However, their supervisors did not see the funny side of things, causing Greg to wipe the smirk from off his face, as they moved through the throng of goggling shoppers, inching towards the bakery’s entrance. 

“I feel awful,” Bailey said, clutching her stomach, moving towards Greg, stumbling and collapsing against the door to one of the walk-in ovens. 

“Right, that’s it. Enough of this bloody nonsense, Bailey,” Florence said, the shop floor manager, entering the bakery. “I’ve just about had it with the both of you, to be honest,” she snapped. “The tension in here the last few months has been palpable.”

“What’s a palpable?” Bailey said, her arse squeaking. “I thought it was a plant.”

Greg slapped his face and groaned. It’s that intellect that kept me around, he thought, turning to Florence. “Had you taken my complaints about her stalking and harassing me seriously, then it wouldn’t have got to this stage, now would it?” Greg said, puffing his chest out, towering over Florence. 

A loud grumble, followed by a second fart, rocked the bakery. 

“Oh, fuck,” Bailey said, putting a hand to her arse. 

“Do not use profanity whilst on duty,” Tomasina—acting store manager—said, filing in behind Florence. “You’re in enough trouble, both of you, as it is, young lady.”

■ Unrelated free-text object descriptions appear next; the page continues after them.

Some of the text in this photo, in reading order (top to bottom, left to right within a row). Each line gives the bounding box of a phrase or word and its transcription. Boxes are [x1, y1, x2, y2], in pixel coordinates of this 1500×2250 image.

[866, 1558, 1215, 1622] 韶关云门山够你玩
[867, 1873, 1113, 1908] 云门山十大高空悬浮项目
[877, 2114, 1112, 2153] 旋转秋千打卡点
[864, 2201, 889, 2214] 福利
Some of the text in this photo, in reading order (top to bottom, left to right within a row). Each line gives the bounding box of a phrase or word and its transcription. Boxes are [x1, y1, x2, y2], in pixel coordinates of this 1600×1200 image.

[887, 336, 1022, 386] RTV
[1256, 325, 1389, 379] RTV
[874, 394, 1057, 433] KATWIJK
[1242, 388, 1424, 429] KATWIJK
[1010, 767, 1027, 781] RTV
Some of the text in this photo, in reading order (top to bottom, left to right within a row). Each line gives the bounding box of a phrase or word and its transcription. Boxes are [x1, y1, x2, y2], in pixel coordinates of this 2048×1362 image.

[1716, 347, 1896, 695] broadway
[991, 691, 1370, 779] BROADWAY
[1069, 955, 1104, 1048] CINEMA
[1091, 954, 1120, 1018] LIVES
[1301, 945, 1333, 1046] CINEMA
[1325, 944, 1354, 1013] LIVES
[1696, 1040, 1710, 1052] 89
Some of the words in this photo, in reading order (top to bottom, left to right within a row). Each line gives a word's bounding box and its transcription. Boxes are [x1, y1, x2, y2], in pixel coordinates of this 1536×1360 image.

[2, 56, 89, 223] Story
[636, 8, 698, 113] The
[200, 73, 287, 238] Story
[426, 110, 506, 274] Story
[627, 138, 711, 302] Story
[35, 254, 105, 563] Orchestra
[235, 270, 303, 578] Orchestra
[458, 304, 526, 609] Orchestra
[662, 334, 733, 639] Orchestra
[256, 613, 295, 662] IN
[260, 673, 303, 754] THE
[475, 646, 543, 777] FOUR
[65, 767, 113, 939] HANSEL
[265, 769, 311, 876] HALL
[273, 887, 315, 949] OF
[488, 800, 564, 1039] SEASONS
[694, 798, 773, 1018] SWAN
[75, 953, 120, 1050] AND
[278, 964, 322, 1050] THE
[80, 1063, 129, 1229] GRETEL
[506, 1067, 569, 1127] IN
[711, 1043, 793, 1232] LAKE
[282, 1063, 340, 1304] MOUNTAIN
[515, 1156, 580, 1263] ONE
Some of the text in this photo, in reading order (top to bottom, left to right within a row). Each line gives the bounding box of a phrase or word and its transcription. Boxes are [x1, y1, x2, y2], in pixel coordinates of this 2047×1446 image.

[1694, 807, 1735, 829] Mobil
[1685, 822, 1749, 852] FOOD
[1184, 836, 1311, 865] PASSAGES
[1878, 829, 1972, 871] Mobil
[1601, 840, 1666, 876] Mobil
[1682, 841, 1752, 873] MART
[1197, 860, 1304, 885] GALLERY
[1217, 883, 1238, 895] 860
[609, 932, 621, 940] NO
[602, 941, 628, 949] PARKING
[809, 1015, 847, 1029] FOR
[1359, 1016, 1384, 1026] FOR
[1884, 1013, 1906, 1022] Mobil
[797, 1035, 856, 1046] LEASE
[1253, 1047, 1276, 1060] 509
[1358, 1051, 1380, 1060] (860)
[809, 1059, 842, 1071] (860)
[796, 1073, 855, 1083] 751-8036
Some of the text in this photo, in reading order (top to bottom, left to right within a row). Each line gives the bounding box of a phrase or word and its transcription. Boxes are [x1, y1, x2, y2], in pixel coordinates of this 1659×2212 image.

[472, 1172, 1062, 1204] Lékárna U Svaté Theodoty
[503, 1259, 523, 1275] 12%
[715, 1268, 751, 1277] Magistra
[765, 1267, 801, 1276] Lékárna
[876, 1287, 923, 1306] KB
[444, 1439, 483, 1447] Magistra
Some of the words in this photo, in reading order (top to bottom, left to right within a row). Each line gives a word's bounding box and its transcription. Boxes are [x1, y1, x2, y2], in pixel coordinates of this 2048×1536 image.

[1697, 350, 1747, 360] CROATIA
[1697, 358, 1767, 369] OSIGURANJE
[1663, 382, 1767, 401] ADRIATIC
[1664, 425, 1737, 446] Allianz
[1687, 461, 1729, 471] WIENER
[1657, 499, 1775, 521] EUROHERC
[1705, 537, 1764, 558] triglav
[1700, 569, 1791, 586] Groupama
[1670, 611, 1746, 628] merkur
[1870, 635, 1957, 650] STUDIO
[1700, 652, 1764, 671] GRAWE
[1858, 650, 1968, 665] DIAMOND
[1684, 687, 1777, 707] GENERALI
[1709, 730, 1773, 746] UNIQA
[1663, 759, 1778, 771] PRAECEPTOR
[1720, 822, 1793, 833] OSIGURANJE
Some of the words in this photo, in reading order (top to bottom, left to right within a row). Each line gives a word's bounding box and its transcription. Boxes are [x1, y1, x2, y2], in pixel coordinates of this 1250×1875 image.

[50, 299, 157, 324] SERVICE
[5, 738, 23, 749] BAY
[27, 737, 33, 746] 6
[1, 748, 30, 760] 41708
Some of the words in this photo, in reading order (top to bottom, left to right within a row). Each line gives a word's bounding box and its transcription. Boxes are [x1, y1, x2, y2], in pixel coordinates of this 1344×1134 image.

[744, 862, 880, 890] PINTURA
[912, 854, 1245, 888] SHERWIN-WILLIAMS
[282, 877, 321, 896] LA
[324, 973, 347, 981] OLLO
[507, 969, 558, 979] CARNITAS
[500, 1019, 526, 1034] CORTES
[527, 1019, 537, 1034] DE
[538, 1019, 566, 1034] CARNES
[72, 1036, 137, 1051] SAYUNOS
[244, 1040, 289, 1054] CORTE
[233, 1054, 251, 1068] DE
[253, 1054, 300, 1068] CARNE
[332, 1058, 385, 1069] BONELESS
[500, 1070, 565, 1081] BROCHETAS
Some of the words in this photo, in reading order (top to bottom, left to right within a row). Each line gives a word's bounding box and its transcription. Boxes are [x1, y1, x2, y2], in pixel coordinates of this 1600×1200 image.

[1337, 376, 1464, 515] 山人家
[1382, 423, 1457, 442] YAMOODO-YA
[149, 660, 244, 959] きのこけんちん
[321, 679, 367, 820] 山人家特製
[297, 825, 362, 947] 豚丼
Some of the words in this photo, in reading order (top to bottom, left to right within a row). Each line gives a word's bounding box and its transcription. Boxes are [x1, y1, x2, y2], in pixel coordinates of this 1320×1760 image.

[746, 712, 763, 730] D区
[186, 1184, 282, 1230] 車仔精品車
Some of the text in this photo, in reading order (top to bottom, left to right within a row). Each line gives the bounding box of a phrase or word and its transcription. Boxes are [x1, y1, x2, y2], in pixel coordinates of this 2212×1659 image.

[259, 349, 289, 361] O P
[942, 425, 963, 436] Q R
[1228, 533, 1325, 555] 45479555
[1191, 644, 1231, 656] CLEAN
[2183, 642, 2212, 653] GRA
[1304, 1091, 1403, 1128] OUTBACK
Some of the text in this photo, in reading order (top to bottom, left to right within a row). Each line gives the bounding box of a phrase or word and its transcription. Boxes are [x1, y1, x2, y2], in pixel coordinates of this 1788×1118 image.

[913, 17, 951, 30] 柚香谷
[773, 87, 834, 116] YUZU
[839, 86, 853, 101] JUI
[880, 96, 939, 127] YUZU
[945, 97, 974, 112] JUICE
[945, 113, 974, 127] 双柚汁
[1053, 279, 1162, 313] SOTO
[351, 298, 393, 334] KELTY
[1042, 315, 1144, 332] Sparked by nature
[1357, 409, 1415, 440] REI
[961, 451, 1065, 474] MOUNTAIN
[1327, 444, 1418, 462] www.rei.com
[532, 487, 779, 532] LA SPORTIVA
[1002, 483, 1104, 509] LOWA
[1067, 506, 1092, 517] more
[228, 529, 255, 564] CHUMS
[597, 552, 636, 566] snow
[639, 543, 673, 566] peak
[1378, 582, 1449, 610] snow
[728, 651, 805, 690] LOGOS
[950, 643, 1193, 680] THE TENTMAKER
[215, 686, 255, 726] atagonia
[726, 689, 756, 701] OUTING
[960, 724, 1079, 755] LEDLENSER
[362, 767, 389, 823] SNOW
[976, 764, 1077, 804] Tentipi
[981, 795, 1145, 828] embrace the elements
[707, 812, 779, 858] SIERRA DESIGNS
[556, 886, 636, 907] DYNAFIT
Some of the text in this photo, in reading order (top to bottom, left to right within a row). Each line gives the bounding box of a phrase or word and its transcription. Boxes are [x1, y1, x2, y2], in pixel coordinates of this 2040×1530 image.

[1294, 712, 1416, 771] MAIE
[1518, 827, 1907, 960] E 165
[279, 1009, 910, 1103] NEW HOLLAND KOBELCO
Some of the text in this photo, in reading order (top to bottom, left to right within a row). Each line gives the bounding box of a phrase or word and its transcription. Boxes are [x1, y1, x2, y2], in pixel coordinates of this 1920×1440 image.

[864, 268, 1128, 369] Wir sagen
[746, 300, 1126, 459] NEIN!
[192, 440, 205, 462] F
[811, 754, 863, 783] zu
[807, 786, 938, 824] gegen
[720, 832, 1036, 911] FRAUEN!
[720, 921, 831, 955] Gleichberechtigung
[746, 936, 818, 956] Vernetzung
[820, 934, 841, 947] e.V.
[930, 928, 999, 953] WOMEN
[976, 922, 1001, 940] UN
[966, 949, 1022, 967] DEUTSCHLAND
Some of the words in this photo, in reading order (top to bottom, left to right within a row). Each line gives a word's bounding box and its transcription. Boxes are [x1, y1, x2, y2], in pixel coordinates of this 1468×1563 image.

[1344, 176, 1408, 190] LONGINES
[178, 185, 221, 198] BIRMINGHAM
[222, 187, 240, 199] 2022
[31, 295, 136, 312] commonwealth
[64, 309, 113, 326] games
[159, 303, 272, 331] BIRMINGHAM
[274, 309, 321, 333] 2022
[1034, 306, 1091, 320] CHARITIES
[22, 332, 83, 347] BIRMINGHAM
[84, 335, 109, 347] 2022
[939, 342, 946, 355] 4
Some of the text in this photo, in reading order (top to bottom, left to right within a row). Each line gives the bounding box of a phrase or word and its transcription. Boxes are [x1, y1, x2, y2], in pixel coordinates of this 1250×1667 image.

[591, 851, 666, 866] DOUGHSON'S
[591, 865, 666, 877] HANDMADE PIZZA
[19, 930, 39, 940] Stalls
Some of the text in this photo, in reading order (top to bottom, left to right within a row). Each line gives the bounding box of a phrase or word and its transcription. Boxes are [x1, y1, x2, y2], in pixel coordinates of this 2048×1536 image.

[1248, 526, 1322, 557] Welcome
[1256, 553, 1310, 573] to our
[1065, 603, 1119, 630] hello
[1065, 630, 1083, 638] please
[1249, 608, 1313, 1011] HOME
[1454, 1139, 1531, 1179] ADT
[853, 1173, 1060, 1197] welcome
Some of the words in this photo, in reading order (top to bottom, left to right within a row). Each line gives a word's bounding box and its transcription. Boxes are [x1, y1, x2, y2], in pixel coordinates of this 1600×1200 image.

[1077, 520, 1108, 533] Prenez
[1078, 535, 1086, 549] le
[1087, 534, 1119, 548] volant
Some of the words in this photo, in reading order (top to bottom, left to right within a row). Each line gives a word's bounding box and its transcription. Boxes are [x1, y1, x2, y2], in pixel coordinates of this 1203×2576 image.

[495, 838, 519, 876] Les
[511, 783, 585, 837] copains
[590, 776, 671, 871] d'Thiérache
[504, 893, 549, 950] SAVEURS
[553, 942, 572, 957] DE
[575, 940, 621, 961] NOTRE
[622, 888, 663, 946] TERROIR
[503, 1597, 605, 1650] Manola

Outside the bakery, Greg heard a couple of other managers trying to disperse the shoppers. 

“It’s under control now, people,” someone said. “We’re sorry you had to witness that.” 

Another loud rumble sounded out. “I think I’m dying,” Bailey said, doubling over, as liquid shit began sliding out of her trouser leg, pooling around her feet.  

“Oh, God!” Greg said, holding his nose. “That stench.”

“Right,” Florence said, gagging, grabbing hold of Bailey’s arm. “It’s the training room for you.”

“Greg, I love yooou!” she said, latching onto the oven’s door handle. “I can’t live without you. I can’t eat. I can’t sleep. I can’t think. Please!” Tears flooded down her face. “I promise I won’t be needy. I’ll give you space. You can fuck other women… Whatever it takes.” 

Shhh!” Tomasina said. 

“Let go of the oven,” Florence grunted. 

“In any other situation, this would be comedy gold,” Greg said, about to give his superiors a helping hand.  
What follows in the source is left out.